= Jerry Grundhoefer =

American jazz musician

Jerry Grundhoefer ( Grundy) (1930–1997) was a jazz musician who played clarinet, piano, saxophone, organ, xylophone, and flute in Birmingham, Alabama. In 1980, Grundhoefer was inducted into the Alabama Jazz Hall of Fame.

==Early life==

Born in St. Paul, Minnesota on July 22, 1930. Grundhoefer graduated from Cretin High School, (now Cretin-Derham Hall High School).

==Career==

Grundhoefer's first public performances were playing organ at St. Paschal Catholic Church where he met Bernadine Mary "Bernie" Fitch, his future wife. Fitch and Grundhoefer were married at St. Croix River in 1950. Subsequently, he worked for American Dereck machines. Approximately one year later, Grundhoefer was working as a salesman for Hobart Sales and Services, playing music on the side.

Due to job transfers, the family moved from St. Paul to Atlanta, Georgia, to Raleigh, NC, while Grundhoefer opened offices for Hobart in these cities. They finally settled permanently in Birmingham, Alabama, in 1965. By this time, they had 9 children and Bernie was expecting another. They had 2 more children together after the move.

Grundhoefer opened Grundy's Music Hall in 1978 in Birmingham, Alabama, on 23rd Street North. In 1980, Grundy's Music Hall moved to the Clark Building on the corner of 19th Street North and 4th Avenue North. Among the musicians who performed at Grundy's were Sun Ra, Buddy Rich, Count Basie, Maynard Ferguson, Buddy Guy, Koko Taylor, Johnny O'Neal, Royce Campbell, Clark Terry, Ray Reach and many others. Grundy's closed in 1992.

After the closing of Grundy's, Grundhoefer continued to play in other Birmingham venues including Marty's Bar and Grill.

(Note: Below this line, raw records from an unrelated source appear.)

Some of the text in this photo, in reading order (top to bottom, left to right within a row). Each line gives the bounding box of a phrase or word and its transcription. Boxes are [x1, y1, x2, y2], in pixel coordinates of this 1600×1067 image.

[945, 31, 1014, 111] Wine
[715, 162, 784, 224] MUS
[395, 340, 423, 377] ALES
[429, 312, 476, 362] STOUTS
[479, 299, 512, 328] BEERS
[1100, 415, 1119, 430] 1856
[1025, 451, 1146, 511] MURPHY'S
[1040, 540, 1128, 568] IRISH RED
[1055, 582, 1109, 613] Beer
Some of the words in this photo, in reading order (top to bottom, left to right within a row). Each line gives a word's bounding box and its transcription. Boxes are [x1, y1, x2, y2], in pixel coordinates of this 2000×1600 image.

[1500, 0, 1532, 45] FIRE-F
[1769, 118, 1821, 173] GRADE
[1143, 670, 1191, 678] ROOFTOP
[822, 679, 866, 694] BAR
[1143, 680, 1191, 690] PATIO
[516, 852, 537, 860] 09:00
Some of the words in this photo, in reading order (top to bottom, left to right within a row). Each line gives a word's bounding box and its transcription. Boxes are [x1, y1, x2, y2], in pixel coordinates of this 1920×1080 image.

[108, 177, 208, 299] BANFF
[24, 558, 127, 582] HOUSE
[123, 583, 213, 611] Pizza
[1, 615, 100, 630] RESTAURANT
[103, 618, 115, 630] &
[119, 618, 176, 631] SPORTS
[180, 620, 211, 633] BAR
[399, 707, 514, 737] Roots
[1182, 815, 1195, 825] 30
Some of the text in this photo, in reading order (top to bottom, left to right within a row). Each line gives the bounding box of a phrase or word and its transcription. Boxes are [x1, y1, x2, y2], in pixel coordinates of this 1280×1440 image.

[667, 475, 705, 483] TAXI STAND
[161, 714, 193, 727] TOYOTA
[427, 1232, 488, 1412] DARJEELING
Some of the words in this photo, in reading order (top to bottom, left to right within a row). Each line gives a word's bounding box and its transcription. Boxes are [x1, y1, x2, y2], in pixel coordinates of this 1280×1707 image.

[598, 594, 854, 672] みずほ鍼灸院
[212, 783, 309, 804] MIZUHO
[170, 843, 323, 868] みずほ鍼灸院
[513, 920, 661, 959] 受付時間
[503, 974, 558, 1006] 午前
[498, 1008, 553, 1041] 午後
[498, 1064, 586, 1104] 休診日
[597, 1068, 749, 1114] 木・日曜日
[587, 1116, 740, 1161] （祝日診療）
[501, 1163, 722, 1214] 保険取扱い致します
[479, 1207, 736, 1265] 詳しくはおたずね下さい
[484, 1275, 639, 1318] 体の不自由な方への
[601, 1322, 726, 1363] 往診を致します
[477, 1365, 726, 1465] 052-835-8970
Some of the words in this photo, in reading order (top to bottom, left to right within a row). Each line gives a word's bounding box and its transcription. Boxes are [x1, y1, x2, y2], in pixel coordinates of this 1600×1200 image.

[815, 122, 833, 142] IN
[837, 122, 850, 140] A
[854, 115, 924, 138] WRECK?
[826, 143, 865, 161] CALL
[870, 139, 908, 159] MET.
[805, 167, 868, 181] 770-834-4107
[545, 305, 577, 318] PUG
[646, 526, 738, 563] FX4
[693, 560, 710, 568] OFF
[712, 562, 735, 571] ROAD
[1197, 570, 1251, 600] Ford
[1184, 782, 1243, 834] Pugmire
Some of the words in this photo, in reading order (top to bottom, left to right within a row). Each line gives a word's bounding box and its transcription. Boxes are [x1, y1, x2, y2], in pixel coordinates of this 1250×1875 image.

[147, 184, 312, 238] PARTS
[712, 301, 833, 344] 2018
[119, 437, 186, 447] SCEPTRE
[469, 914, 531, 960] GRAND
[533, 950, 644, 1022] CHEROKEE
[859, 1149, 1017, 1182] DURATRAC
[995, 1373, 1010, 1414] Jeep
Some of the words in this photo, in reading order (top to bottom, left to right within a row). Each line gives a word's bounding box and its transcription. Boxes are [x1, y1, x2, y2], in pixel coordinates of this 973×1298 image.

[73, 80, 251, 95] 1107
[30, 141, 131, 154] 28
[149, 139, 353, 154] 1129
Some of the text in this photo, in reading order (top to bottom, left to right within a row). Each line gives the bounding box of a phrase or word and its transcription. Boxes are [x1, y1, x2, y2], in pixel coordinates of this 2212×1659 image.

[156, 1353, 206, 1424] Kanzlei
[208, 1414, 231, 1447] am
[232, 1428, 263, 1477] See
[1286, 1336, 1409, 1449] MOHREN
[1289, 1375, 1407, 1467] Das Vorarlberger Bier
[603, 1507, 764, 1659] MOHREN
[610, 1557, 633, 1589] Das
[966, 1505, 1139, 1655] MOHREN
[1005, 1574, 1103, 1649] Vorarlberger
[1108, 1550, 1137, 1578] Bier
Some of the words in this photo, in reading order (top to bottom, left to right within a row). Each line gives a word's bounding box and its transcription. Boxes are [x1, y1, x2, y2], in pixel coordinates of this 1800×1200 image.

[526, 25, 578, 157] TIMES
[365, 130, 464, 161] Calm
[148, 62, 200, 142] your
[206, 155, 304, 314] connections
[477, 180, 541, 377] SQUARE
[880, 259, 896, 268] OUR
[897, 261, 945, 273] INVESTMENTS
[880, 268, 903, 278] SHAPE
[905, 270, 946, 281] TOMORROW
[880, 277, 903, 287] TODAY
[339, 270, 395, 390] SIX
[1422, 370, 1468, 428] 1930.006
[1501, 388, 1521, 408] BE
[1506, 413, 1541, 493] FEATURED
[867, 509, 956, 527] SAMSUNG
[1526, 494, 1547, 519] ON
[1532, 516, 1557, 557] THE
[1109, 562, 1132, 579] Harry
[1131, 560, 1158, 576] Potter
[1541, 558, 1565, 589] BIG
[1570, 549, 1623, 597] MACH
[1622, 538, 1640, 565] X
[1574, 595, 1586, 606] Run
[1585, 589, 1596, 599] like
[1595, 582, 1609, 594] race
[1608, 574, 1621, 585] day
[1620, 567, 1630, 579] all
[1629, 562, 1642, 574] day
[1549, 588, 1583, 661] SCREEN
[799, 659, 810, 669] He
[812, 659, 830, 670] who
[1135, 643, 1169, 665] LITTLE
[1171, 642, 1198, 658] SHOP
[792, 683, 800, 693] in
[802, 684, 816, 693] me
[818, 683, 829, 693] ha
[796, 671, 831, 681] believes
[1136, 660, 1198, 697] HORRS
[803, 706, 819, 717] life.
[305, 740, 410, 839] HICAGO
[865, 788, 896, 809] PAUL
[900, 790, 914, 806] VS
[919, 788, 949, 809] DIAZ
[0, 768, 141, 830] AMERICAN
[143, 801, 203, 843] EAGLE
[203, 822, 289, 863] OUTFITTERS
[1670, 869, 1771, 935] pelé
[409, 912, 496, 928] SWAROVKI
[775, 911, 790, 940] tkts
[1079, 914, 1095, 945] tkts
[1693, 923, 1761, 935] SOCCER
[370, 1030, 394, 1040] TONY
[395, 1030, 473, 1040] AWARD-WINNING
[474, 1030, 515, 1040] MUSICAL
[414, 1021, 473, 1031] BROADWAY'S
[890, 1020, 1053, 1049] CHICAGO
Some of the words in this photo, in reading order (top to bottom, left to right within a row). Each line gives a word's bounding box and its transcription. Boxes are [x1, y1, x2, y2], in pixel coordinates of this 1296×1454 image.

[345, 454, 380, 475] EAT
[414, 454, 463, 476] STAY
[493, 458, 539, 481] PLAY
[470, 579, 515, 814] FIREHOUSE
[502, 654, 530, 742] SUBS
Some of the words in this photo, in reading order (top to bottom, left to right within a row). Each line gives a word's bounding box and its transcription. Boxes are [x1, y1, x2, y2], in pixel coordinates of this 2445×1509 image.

Marty Eagle, the owner of Marty's, said of Grundhoefer in the Black and White City Paper, “I had Grundy in here on Sundays after Grundy's went out of business. He ran the jazz night, and nobody else could hold it together like he could. Somebody had to be the disciplinarian. And none of the others wanted to discipline any of the other people. But Jerry wanted a good show, and he did it right.”

==Death==

In 1992, Grundhoefer was diagnosed with prostate cancer. He received a second diagnosis in 1993 of multiple myeloma. He died June 10, 1997.